E15 on the iPhone

November 2nd, 2008


E15 on the iPhone from Kyle Buza on Vimeo.
 

Well, not exactly. I simply ported the “WWW data access” technique that E15 uses to get web content.

E15 was always intended to be an application for the re-contextualization of web content — all of those pieces of text, data, and images that we see when we use the browser. A lot of work went into figuring out the best way to go about grabbing all of this data, and placing it within an environment that is potentially more sloppy and playful than the browser. Over the course of the past few months, I’ve found myself faced with the same task on two separate occasions, for applications other than E15. A major revelation came over the summer when I was working with Jamie Zigelbaum in the Tangible Media Group. During that time, we were trying to figure out a way to obtain all of this WWW data and place it into a different software architecture that wasn’t E15. It was then that I proposed a different solution to the existing E15 approach, which relied much more heavily on custom web services, deployed to provide extremely elegant and simple interfaces to the content. This approach worked so well that I replaced the current E15 mechanism with it. What once took 30-40 lines of Python can now be done in 3. I’m most particularly fond of is the resulting elegance and readability.

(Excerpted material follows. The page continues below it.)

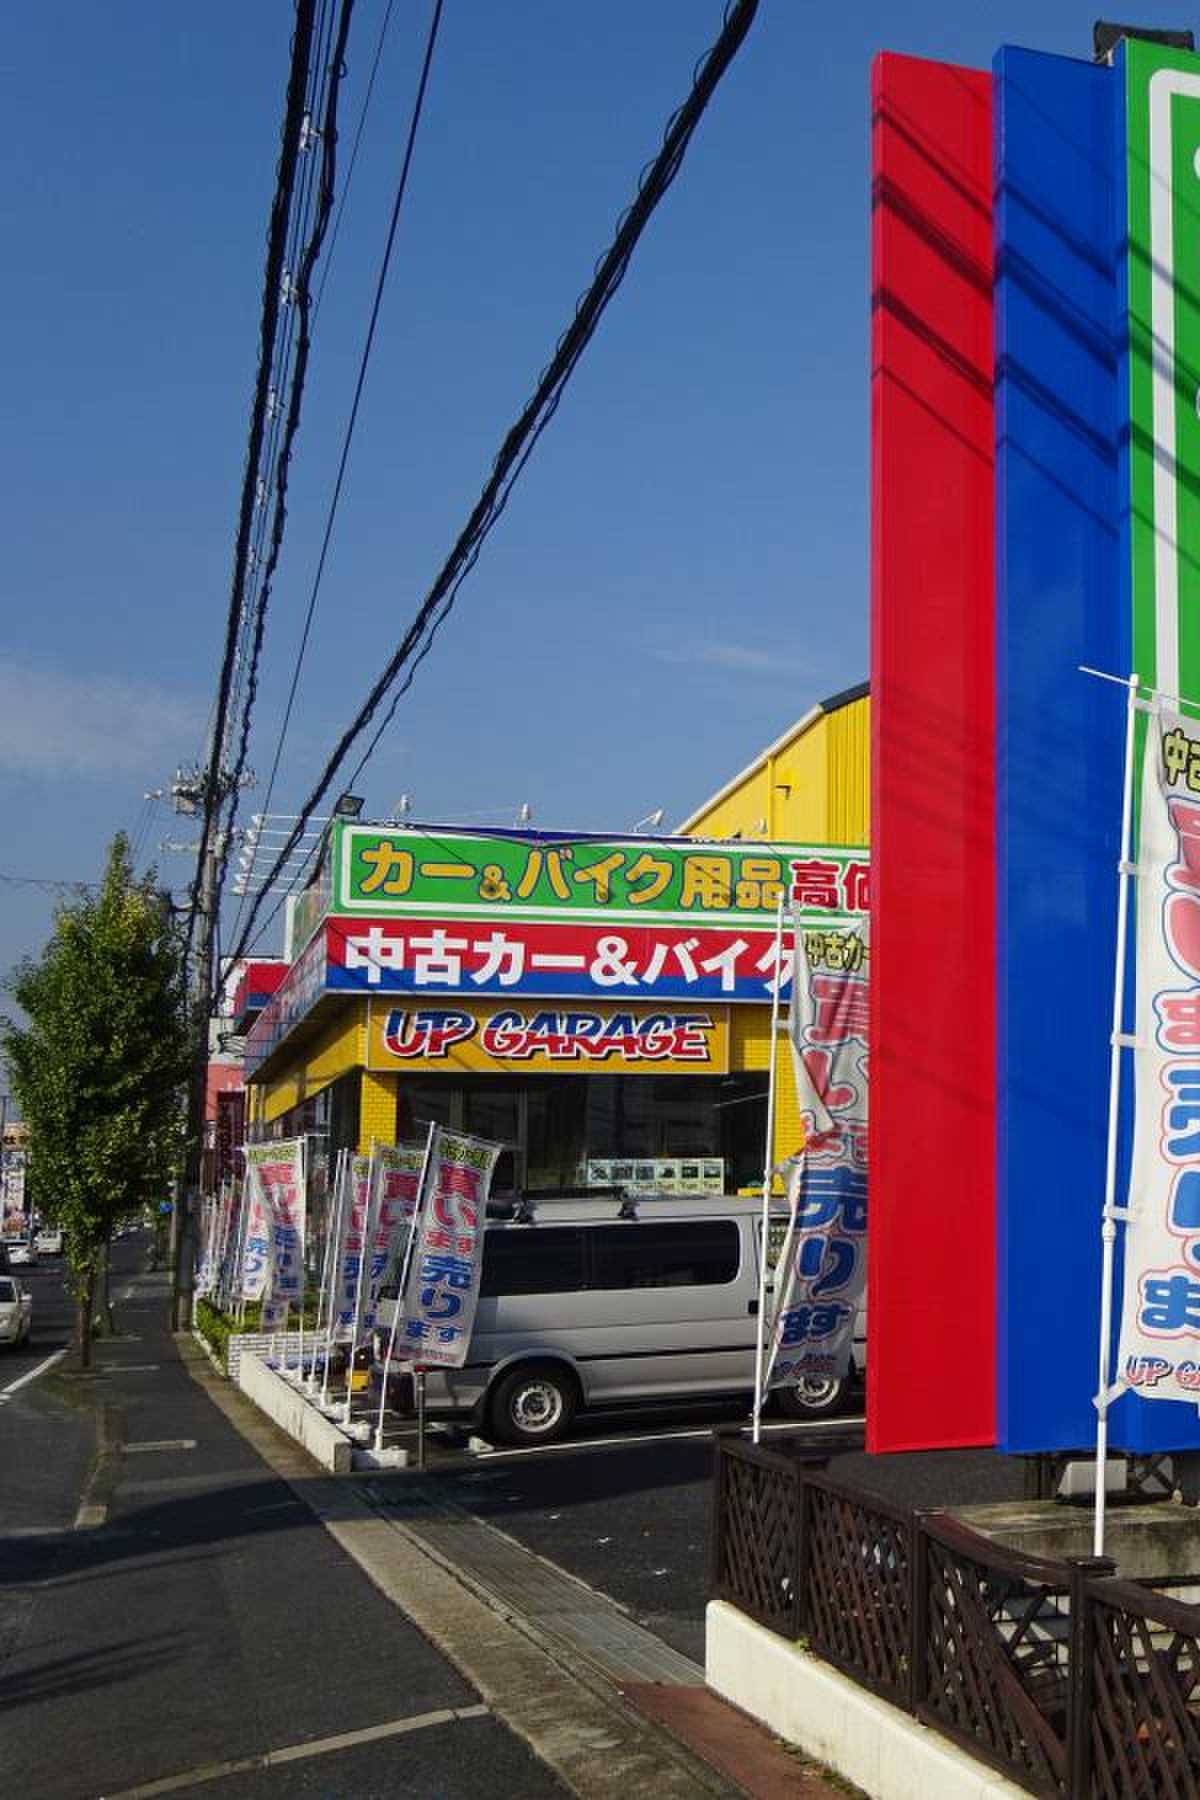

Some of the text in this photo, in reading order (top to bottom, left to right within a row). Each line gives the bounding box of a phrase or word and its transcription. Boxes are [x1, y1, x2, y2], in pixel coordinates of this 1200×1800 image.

[804, 931, 869, 972] 中古カ
[382, 1007, 718, 1064] UP GARAGE
[1125, 1355, 1173, 1390] UP

I’ve recently started another project that needs to grab WWW data in this way, with one piece running on the iPhone. I stripped out the implementation from E15 and stuffed it into a simple iPhone application. I’d like to say that it worked straight away, but the iPhone appears to have difficulties (only randomly, of course) with my use of the NSMachPort to initiate the asynchronous download and web service access. The application is simple, it just makes a request to my custom web service to find out where to find some flickr images, and downloads them. While waiting for the iPhone to get the image data, I render small circles that show pending requests.

Pendulum Physics

October 30th, 2008

A few days ago, I was looking for something that would give me a a nice effect using swinging pendulum physics. Being lazy, I much prefer to use an existing solution than to spend time re-inventing the wheel. Sadly, all of the source code variants I found were either only half implemented or in a language that wasn’t C. So, failing to cheat my way out of it, I was forced to learn about the fourth order Runge-Kutta method for solving the relevant differential equations, and subsequently write my own.

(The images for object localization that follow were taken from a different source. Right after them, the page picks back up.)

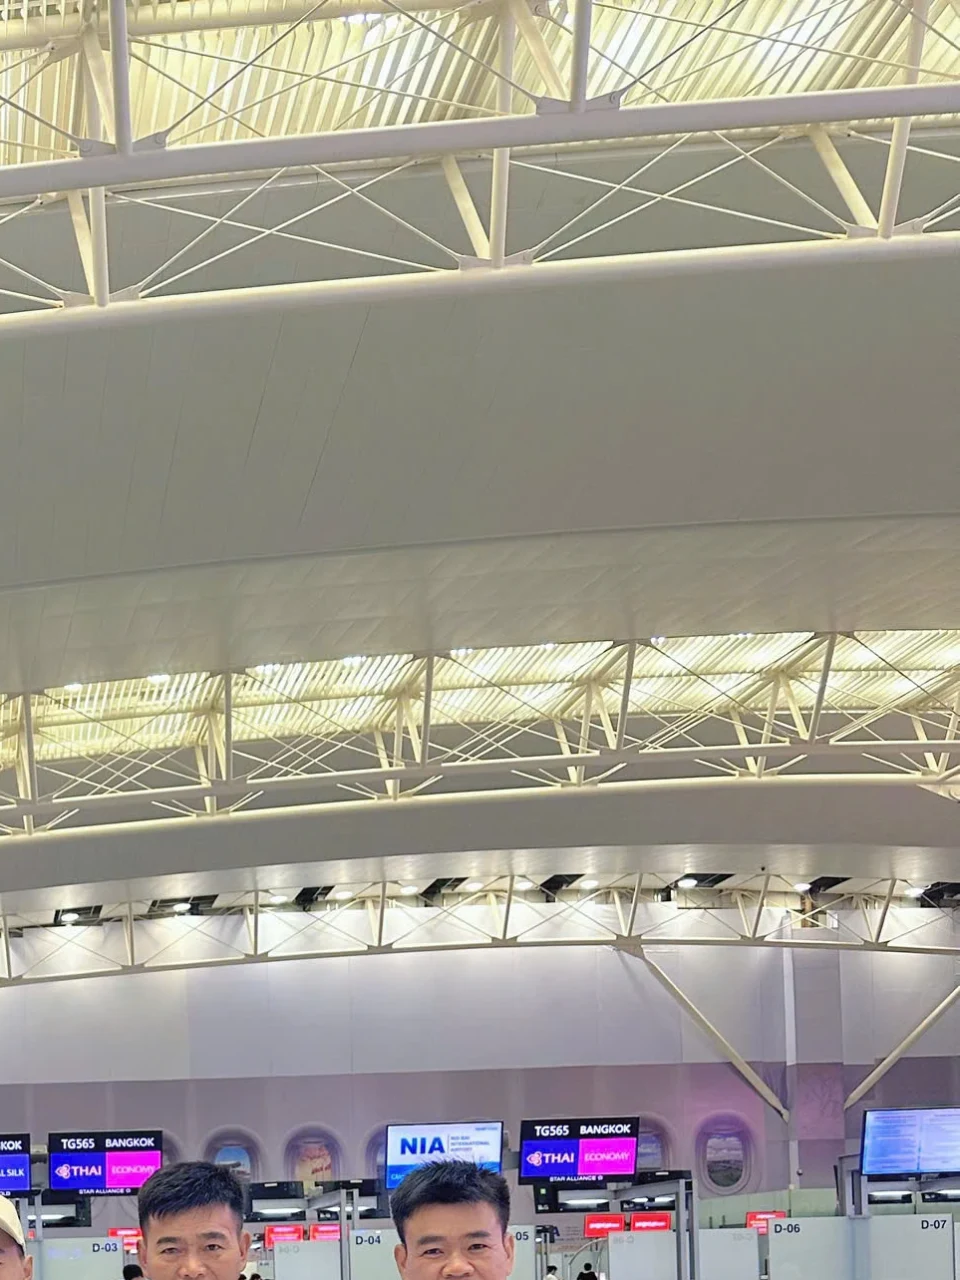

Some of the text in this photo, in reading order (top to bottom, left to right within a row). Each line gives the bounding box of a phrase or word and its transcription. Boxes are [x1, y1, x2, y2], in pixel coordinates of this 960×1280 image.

[534, 1123, 631, 1137] TG565 BANGKOK
[61, 1138, 155, 1149] TG565 BANGKOK
[400, 1137, 445, 1155] NIA
[544, 1153, 574, 1163] THAI
[584, 1152, 630, 1162] ECONOMY
[7, 1168, 25, 1178] SILK
[71, 1166, 102, 1176] THAI
[774, 1223, 801, 1233] D-06
[921, 1219, 947, 1229] D-07
[355, 1235, 381, 1245] D-04
[515, 1231, 529, 1241] -05
[92, 1243, 118, 1253] D-03

Here’s to hoping that someone looking for an rk4 solver in C can take advantage of the time I spent beating my own version into submission. Here’s the source. It’s sloppy and undocumented. But at least it spits out the right values.

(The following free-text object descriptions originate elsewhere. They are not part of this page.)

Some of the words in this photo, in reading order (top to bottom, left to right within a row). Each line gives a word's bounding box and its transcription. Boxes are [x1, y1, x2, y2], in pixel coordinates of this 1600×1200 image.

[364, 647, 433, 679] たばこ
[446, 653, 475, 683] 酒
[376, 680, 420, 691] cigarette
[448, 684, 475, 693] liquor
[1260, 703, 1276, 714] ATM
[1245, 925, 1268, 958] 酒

Blobs by OpenCV and CoreVideo

October 22nd, 2008

I was recently in need of a clean and simple mechanism for doing realtime blob detection using OpenCV. One technique that would at least get me halfway there would be to use something like OpenFrameworks, which contains a sample project for this purpose. However, when writing applications that have no reason to run on anything other than a particular OS (in my case, OS X), it makes sense to leverage as much of the native OS APIs as possible for performance. In addition, I was also drawn to the possibility of being able to take the video frames and pre-process them with some CoreImage filters before sending them to OpenCV.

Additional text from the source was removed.